Unless you have an unlimited amount of money, it’s in your best interest to be mindful of the difference between needs and wants so you can make better spending choices. “Needs” are things you have to have in order to survive: food, shelter, healthcare, transportation, a reasonable amount of clothing (many people include savings as a need, whether that’s a set 10% of their income or whatever they can afford to set aside each month). Conversely, “wants” are things you would like to have, but that you don’t need for survival.

Start Saving Early

It’s often said that it’s never too late to start saving for retirement. That may be true (technically), but the sooner you start, the better off you’ll likely be during your retirement years.
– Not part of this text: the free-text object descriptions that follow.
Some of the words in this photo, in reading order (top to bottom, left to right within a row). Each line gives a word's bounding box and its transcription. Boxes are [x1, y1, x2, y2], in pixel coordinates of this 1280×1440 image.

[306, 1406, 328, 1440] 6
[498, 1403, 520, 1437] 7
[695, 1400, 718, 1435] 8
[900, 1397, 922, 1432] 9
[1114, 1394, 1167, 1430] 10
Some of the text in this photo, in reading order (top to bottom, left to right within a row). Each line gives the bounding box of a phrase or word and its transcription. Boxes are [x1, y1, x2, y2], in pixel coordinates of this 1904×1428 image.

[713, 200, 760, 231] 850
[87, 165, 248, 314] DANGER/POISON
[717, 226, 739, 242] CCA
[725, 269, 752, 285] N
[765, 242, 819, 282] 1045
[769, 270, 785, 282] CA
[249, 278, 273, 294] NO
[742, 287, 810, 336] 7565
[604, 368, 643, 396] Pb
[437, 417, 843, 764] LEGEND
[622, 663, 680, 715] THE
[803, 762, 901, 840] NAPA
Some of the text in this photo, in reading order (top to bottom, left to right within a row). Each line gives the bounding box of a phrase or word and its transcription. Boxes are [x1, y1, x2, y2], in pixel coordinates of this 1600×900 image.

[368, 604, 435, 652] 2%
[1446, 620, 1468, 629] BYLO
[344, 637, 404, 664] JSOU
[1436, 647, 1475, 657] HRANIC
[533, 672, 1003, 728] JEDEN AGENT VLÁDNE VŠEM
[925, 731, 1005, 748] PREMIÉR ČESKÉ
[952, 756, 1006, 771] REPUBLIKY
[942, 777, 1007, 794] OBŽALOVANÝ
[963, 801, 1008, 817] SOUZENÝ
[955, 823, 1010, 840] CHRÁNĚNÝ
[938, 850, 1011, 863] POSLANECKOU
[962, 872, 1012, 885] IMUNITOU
This is because of the power of compounding – what Albert Einstein called the “eighth wonder of the world.”

Build and Maintain an Emergency Fund

An emergency fund is just what the name implies: money that has been set aside for emergency purposes. The fund is intended to help you pay for things that wouldn’t normally be included in your personal budget: unexpected expenses such as car repairs or an emergency trip to the dentist. It can also help you pay your regular expenses if your income is interrupted; for example, if an illness or injury prevents you from working or if you lose your job.